━━━ Given records

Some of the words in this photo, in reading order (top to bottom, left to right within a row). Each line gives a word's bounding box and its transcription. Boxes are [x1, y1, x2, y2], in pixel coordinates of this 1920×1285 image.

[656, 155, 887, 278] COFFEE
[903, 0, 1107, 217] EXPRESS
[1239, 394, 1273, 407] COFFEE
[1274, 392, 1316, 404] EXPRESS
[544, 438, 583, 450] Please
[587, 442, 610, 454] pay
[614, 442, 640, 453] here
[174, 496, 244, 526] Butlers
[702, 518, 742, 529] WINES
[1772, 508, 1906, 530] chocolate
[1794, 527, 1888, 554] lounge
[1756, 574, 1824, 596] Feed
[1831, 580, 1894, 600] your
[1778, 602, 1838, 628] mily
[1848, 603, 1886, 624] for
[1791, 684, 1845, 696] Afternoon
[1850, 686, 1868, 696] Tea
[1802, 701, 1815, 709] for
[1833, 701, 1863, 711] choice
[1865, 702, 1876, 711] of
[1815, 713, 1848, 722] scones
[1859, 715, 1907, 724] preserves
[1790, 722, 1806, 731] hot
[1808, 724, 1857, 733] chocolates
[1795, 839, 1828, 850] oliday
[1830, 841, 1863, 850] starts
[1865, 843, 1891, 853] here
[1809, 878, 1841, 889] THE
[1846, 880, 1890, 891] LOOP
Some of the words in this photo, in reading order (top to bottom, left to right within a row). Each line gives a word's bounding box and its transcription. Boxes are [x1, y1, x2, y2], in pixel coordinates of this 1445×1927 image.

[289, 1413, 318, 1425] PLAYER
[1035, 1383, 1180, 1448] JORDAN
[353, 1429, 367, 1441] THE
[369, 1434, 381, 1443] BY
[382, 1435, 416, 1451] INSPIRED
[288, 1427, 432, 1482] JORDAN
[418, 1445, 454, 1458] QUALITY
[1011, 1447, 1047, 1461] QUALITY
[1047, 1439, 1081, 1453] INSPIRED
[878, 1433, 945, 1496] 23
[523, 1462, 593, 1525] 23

━━━━━━

- Work order -
Every entry should be reproduced exactly, with no part omitted.

- Solution for this problem -
Some of the words in this photo, in reading order (top to bottom, left to right within a row). Each line gives a word's bounding box and its transcription. Boxes are [x1, y1, x2, y2], in pixel coordinates of this 1920×1285 image.

[656, 155, 887, 278] COFFEE
[903, 0, 1107, 217] EXPRESS
[1239, 394, 1273, 407] COFFEE
[1274, 392, 1316, 404] EXPRESS
[544, 438, 583, 450] Please
[587, 442, 610, 454] pay
[614, 442, 640, 453] here
[174, 496, 244, 526] Butlers
[702, 518, 742, 529] WINES
[1772, 508, 1906, 530] chocolate
[1794, 527, 1888, 554] lounge
[1756, 574, 1824, 596] Feed
[1831, 580, 1894, 600] your
[1778, 602, 1838, 628] mily
[1848, 603, 1886, 624] for
[1791, 684, 1845, 696] Afternoon
[1850, 686, 1868, 696] Tea
[1802, 701, 1815, 709] for
[1833, 701, 1863, 711] choice
[1865, 702, 1876, 711] of
[1815, 713, 1848, 722] scones
[1859, 715, 1907, 724] preserves
[1790, 722, 1806, 731] hot
[1808, 724, 1857, 733] chocolates
[1795, 839, 1828, 850] oliday
[1830, 841, 1863, 850] starts
[1865, 843, 1891, 853] here
[1809, 878, 1841, 889] THE
[1846, 880, 1890, 891] LOOP
Some of the words in this photo, in reading order (top to bottom, left to right within a row). Each line gives a word's bounding box and its transcription. Boxes are [x1, y1, x2, y2], in pixel coordinates of this 1445×1927 image.

[289, 1413, 318, 1425] PLAYER
[1035, 1383, 1180, 1448] JORDAN
[353, 1429, 367, 1441] THE
[369, 1434, 381, 1443] BY
[382, 1435, 416, 1451] INSPIRED
[288, 1427, 432, 1482] JORDAN
[418, 1445, 454, 1458] QUALITY
[1011, 1447, 1047, 1461] QUALITY
[1047, 1439, 1081, 1453] INSPIRED
[878, 1433, 945, 1496] 23
[523, 1462, 593, 1525] 23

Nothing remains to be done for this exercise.